### The task
The response should consist of the data below, copied exactly, with no pictures in it.

### Supplied records

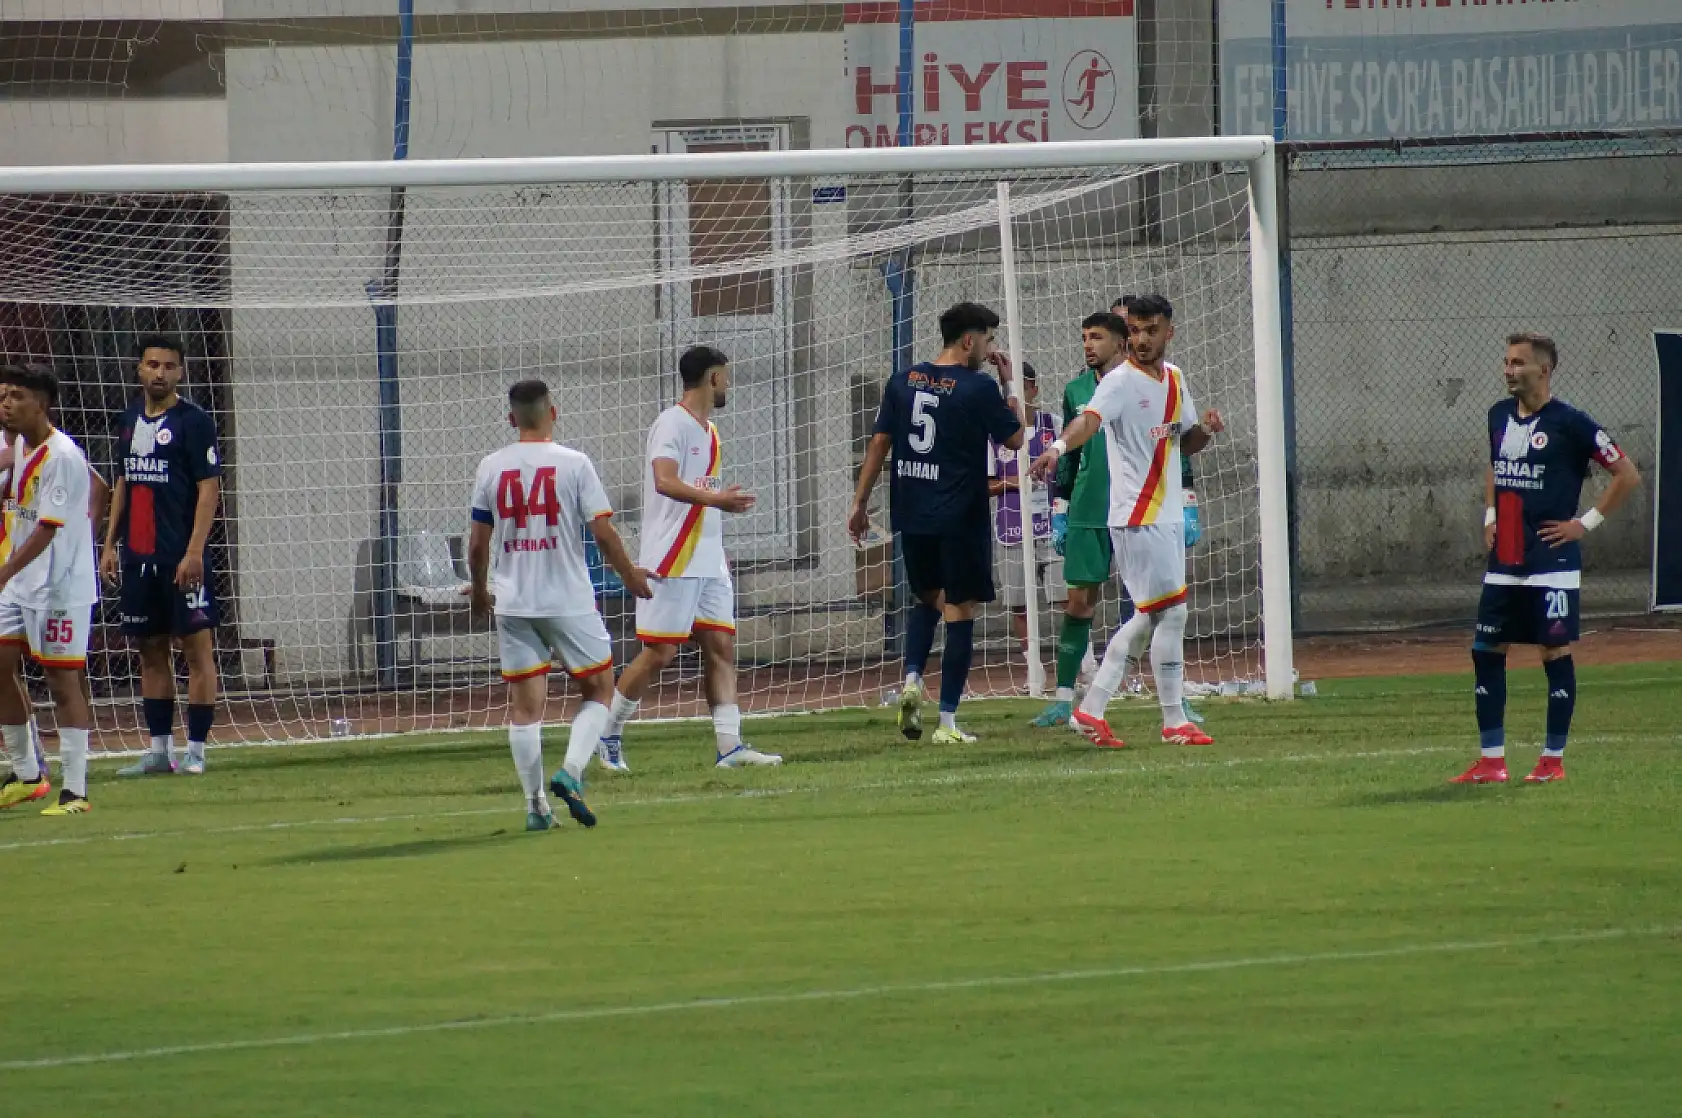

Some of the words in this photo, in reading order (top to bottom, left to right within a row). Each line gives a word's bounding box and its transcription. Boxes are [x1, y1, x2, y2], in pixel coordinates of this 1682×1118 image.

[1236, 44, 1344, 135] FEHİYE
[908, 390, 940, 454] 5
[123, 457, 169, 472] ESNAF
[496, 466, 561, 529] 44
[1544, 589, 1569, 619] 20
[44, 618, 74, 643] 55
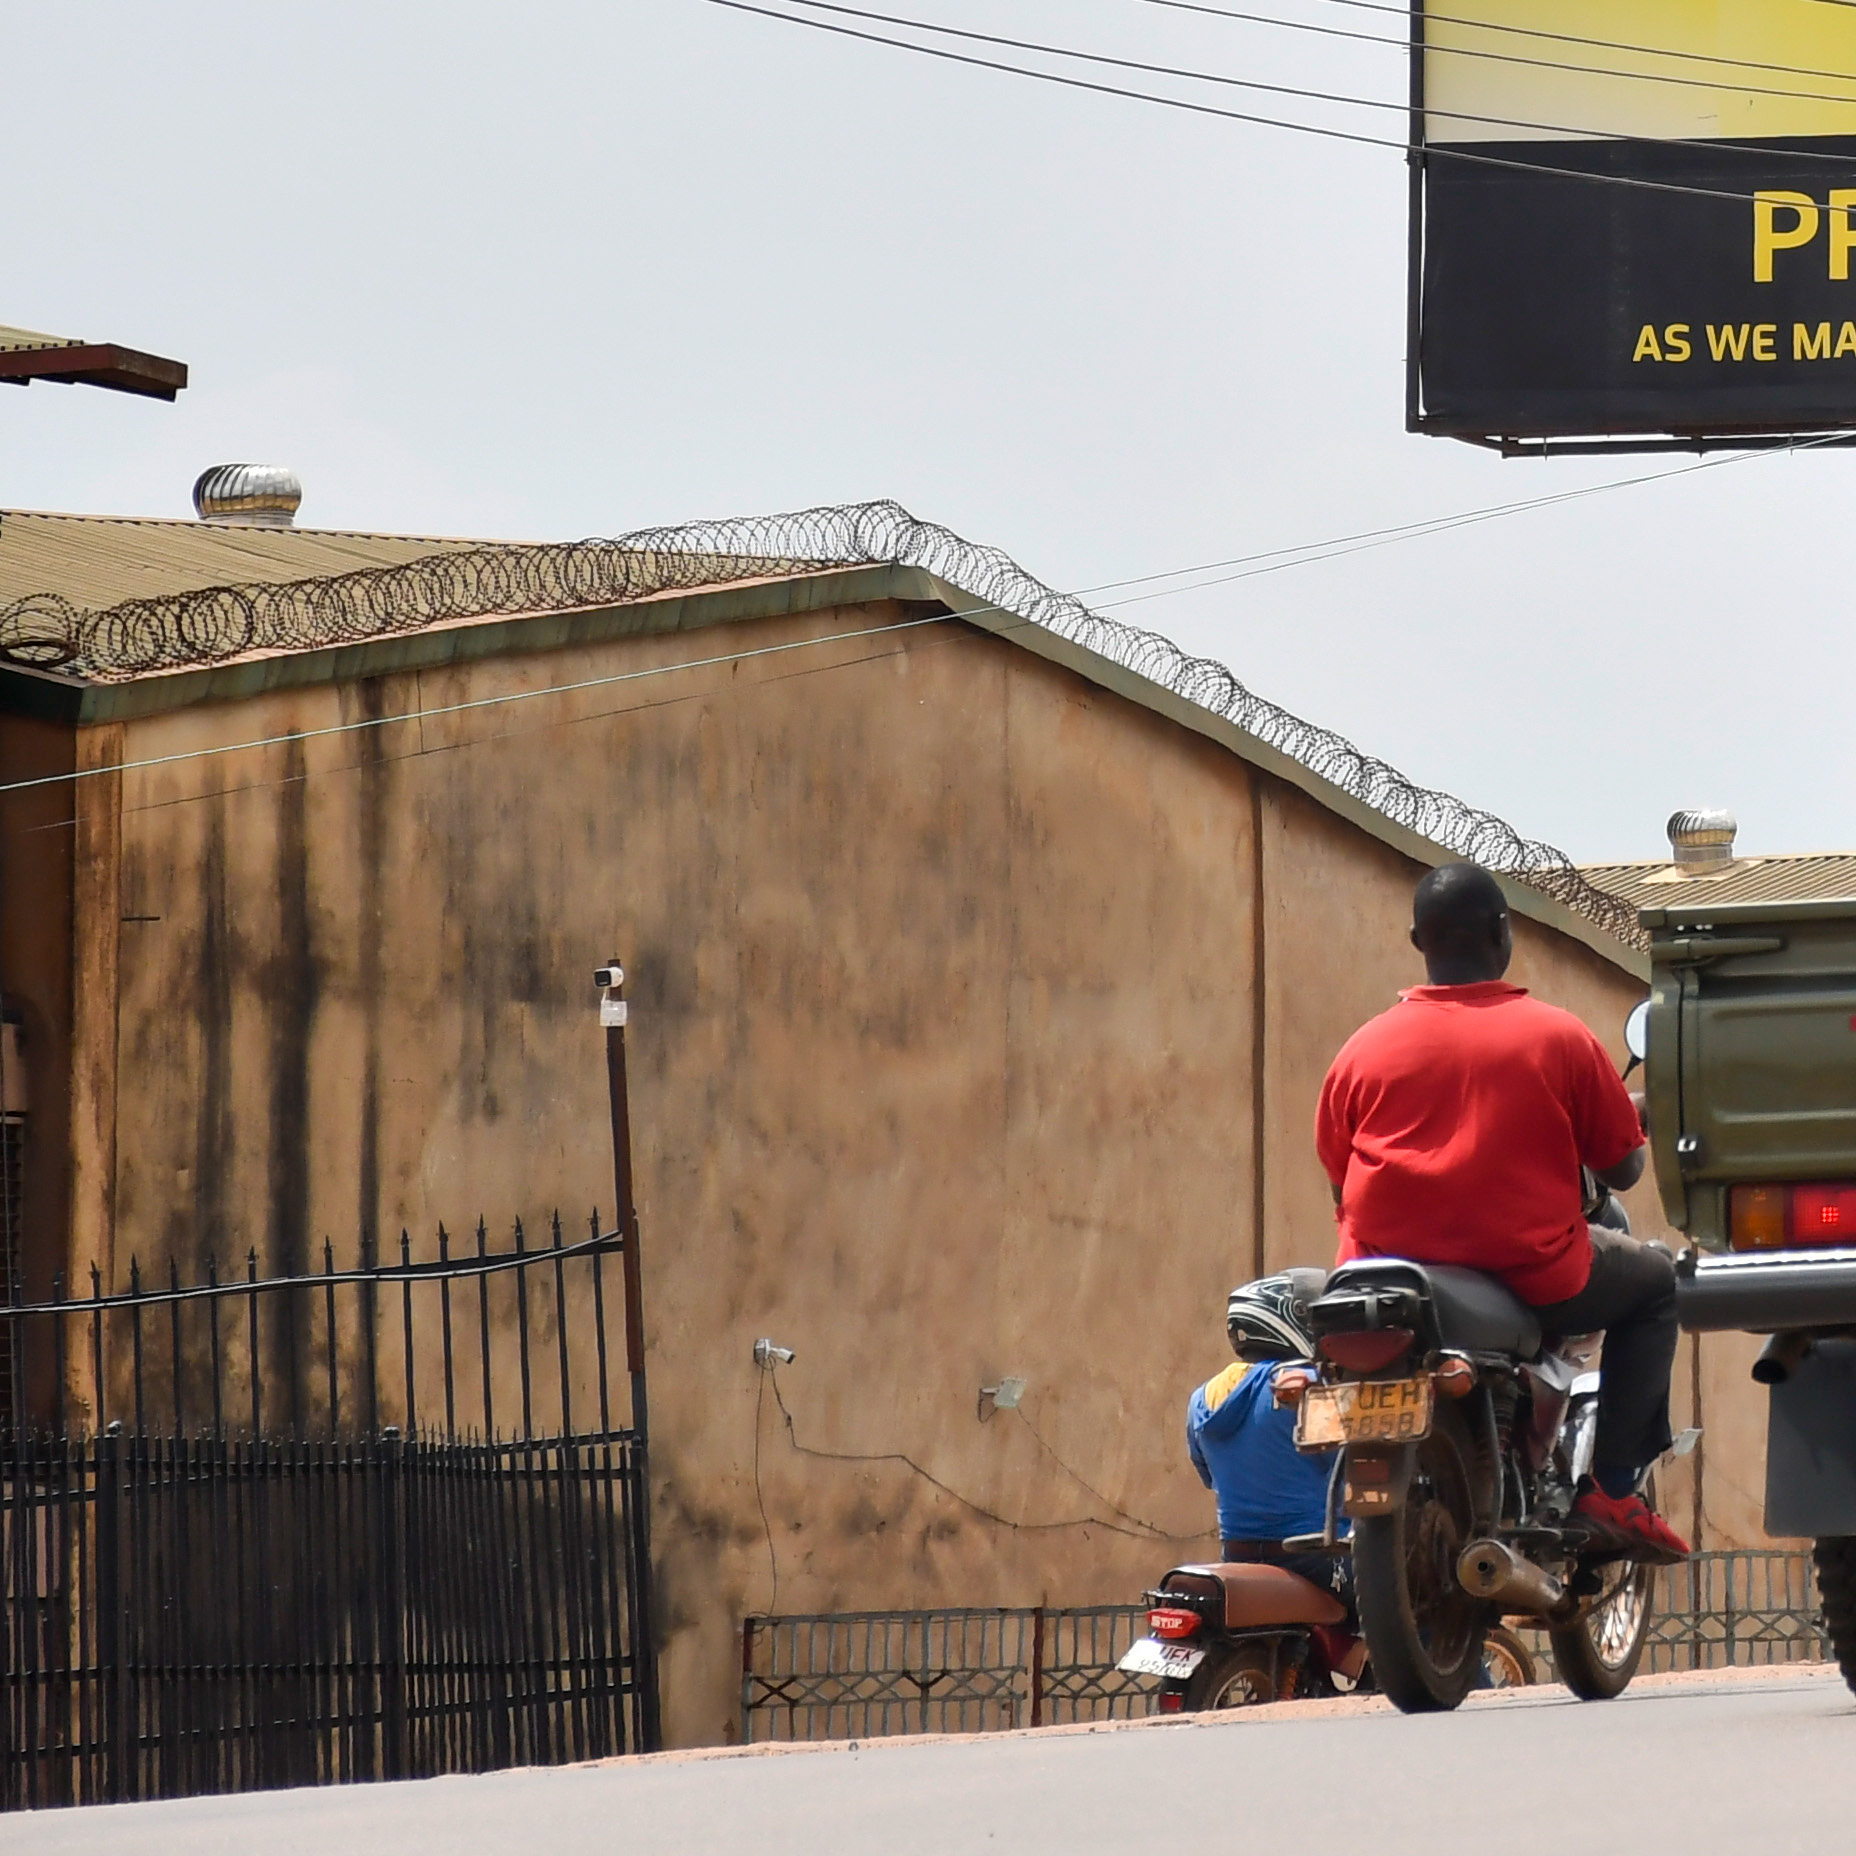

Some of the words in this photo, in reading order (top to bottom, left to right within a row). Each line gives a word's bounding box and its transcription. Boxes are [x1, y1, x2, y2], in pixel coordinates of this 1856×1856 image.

### Response to the task
Some of the words in this photo, in reading order (top to bottom, left to right within a row). Each line gives a word's bounding box and its transcription. Boxes are [x1, y1, x2, y2], in pixel coordinates of this 1682×1118 image.

[1236, 44, 1344, 135] FEHİYE
[908, 390, 940, 454] 5
[123, 457, 169, 472] ESNAF
[496, 466, 561, 529] 44
[1544, 589, 1569, 619] 20
[44, 618, 74, 643] 55

Some of the words in this photo, in reading order (top to bottom, left to right within a row). Each line gives a word's bounding box and its transcription. Boxes are [x1, y1, x2, y2], in pixel coordinates of this 1856×1856 image.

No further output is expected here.